Print the material underneath in full, keeping every line exactly as it is.

Entries supplied ::
-- -- --
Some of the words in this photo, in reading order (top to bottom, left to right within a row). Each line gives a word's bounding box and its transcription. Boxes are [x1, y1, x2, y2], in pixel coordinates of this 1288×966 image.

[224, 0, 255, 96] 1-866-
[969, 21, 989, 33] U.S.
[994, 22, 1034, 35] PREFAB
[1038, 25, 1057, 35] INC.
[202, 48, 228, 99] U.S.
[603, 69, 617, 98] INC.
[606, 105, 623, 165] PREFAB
-- -- --
Exercise solution ::
Some of the words in this photo, in reading order (top to bottom, left to right within a row). Each line gives a word's bounding box and its transcription. Boxes are [x1, y1, x2, y2], in pixel coordinates of this 1288×966 image.

[224, 0, 255, 96] 1-866-
[969, 21, 989, 33] U.S.
[994, 22, 1034, 35] PREFAB
[1038, 25, 1057, 35] INC.
[202, 48, 228, 99] U.S.
[603, 69, 617, 98] INC.
[606, 105, 623, 165] PREFAB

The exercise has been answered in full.